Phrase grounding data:
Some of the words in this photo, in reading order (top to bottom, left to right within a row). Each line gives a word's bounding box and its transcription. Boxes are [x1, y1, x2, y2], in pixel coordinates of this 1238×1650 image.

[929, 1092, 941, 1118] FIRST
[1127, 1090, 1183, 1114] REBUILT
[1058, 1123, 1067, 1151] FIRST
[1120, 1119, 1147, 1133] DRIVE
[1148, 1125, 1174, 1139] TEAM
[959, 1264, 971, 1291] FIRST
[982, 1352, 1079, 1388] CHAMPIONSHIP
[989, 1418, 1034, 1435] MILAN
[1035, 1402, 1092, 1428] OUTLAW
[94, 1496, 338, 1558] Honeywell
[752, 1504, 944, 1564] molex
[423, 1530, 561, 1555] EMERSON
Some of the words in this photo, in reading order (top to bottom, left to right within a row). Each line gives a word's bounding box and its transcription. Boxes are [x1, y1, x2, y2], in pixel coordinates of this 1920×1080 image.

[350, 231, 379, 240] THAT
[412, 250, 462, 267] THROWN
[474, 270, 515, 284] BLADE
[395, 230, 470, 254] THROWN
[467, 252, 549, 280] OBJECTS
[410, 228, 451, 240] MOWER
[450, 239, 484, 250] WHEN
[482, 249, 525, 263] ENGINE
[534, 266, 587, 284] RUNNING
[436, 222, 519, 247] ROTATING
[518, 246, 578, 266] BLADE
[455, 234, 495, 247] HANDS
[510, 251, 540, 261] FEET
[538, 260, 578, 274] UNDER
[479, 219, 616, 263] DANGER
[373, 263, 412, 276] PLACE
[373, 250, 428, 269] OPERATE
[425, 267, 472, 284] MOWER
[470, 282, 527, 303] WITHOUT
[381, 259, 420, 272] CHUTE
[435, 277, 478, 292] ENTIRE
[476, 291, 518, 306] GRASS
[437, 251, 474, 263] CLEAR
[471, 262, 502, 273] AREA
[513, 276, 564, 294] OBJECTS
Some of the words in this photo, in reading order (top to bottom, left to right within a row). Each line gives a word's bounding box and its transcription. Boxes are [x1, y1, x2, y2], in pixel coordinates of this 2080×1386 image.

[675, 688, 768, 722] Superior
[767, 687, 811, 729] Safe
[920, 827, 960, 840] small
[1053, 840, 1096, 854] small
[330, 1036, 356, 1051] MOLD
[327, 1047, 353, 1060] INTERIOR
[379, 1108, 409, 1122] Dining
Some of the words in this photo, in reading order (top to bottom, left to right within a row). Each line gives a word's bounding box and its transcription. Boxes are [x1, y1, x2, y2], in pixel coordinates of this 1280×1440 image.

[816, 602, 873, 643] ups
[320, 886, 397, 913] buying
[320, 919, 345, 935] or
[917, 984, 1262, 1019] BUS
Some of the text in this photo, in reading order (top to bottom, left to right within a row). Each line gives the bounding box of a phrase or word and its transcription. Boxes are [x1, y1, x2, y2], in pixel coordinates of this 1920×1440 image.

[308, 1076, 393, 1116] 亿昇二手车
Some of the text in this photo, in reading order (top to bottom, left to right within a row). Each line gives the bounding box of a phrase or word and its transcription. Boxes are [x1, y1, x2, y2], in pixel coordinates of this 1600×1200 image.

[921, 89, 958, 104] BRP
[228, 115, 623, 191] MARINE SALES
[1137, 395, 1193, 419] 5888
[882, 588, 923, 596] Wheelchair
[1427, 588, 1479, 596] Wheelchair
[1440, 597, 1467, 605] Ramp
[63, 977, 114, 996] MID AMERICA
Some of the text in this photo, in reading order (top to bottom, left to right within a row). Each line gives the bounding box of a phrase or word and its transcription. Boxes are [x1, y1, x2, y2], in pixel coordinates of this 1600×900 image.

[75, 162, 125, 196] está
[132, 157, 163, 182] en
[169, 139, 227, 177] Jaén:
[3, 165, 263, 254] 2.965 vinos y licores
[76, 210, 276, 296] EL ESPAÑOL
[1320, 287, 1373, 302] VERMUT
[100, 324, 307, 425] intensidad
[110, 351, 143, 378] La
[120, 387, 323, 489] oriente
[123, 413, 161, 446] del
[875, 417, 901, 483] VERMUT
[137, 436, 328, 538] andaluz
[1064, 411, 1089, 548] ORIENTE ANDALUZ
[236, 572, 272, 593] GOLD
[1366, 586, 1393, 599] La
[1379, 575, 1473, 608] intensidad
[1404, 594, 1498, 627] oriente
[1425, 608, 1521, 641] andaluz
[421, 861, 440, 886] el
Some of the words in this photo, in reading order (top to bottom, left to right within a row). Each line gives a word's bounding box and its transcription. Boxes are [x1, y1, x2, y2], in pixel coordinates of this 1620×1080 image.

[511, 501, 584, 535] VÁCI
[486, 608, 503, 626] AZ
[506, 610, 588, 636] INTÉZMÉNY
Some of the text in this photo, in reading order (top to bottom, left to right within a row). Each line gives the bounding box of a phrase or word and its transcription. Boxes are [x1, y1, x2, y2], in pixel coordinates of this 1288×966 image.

**WHAT YOU SHOULD DO:**
Nothing should be altered. Set down all the data again.

**RESPONSE BOX:**
Some of the words in this photo, in reading order (top to bottom, left to right within a row). Each line gives a word's bounding box and its transcription. Boxes are [x1, y1, x2, y2], in pixel coordinates of this 1238×1650 image.

[929, 1092, 941, 1118] FIRST
[1127, 1090, 1183, 1114] REBUILT
[1058, 1123, 1067, 1151] FIRST
[1120, 1119, 1147, 1133] DRIVE
[1148, 1125, 1174, 1139] TEAM
[959, 1264, 971, 1291] FIRST
[982, 1352, 1079, 1388] CHAMPIONSHIP
[989, 1418, 1034, 1435] MILAN
[1035, 1402, 1092, 1428] OUTLAW
[94, 1496, 338, 1558] Honeywell
[752, 1504, 944, 1564] molex
[423, 1530, 561, 1555] EMERSON
Some of the words in this photo, in reading order (top to bottom, left to right within a row). Each line gives a word's bounding box and its transcription. Boxes are [x1, y1, x2, y2], in pixel coordinates of this 1920×1080 image.

[350, 231, 379, 240] THAT
[412, 250, 462, 267] THROWN
[474, 270, 515, 284] BLADE
[395, 230, 470, 254] THROWN
[467, 252, 549, 280] OBJECTS
[410, 228, 451, 240] MOWER
[450, 239, 484, 250] WHEN
[482, 249, 525, 263] ENGINE
[534, 266, 587, 284] RUNNING
[436, 222, 519, 247] ROTATING
[518, 246, 578, 266] BLADE
[455, 234, 495, 247] HANDS
[510, 251, 540, 261] FEET
[538, 260, 578, 274] UNDER
[479, 219, 616, 263] DANGER
[373, 263, 412, 276] PLACE
[373, 250, 428, 269] OPERATE
[425, 267, 472, 284] MOWER
[470, 282, 527, 303] WITHOUT
[381, 259, 420, 272] CHUTE
[435, 277, 478, 292] ENTIRE
[476, 291, 518, 306] GRASS
[437, 251, 474, 263] CLEAR
[471, 262, 502, 273] AREA
[513, 276, 564, 294] OBJECTS
Some of the words in this photo, in reading order (top to bottom, left to right within a row). Each line gives a word's bounding box and its transcription. Boxes are [x1, y1, x2, y2], in pixel coordinates of this 2080×1386 image.

[675, 688, 768, 722] Superior
[767, 687, 811, 729] Safe
[920, 827, 960, 840] small
[1053, 840, 1096, 854] small
[330, 1036, 356, 1051] MOLD
[327, 1047, 353, 1060] INTERIOR
[379, 1108, 409, 1122] Dining
Some of the words in this photo, in reading order (top to bottom, left to right within a row). Each line gives a word's bounding box and its transcription. Boxes are [x1, y1, x2, y2], in pixel coordinates of this 1280×1440 image.

[816, 602, 873, 643] ups
[320, 886, 397, 913] buying
[320, 919, 345, 935] or
[917, 984, 1262, 1019] BUS
Some of the text in this photo, in reading order (top to bottom, left to right within a row). Each line gives the bounding box of a phrase or word and its transcription. Boxes are [x1, y1, x2, y2], in pixel coordinates of this 1920×1440 image.

[308, 1076, 393, 1116] 亿昇二手车
Some of the text in this photo, in reading order (top to bottom, left to right within a row). Each line gives the bounding box of a phrase or word and its transcription. Boxes are [x1, y1, x2, y2], in pixel coordinates of this 1600×1200 image.

[921, 89, 958, 104] BRP
[228, 115, 623, 191] MARINE SALES
[1137, 395, 1193, 419] 5888
[882, 588, 923, 596] Wheelchair
[1427, 588, 1479, 596] Wheelchair
[1440, 597, 1467, 605] Ramp
[63, 977, 114, 996] MID AMERICA
Some of the text in this photo, in reading order (top to bottom, left to right within a row). Each line gives the bounding box of a phrase or word and its transcription. Boxes are [x1, y1, x2, y2], in pixel coordinates of this 1600×900 image.

[75, 162, 125, 196] está
[132, 157, 163, 182] en
[169, 139, 227, 177] Jaén:
[3, 165, 263, 254] 2.965 vinos y licores
[76, 210, 276, 296] EL ESPAÑOL
[1320, 287, 1373, 302] VERMUT
[100, 324, 307, 425] intensidad
[110, 351, 143, 378] La
[120, 387, 323, 489] oriente
[123, 413, 161, 446] del
[875, 417, 901, 483] VERMUT
[137, 436, 328, 538] andaluz
[1064, 411, 1089, 548] ORIENTE ANDALUZ
[236, 572, 272, 593] GOLD
[1366, 586, 1393, 599] La
[1379, 575, 1473, 608] intensidad
[1404, 594, 1498, 627] oriente
[1425, 608, 1521, 641] andaluz
[421, 861, 440, 886] el
Some of the words in this photo, in reading order (top to bottom, left to right within a row). Each line gives a word's bounding box and its transcription. Boxes are [x1, y1, x2, y2], in pixel coordinates of this 1620×1080 image.

[511, 501, 584, 535] VÁCI
[486, 608, 503, 626] AZ
[506, 610, 588, 636] INTÉZMÉNY
Some of the text in this photo, in reading order (top to bottom, left to right within a row). Each line gives the bounding box of a phrase or word and its transcription. Boxes are [x1, y1, x2, y2], in pixel coordinates of this 1288×966 image.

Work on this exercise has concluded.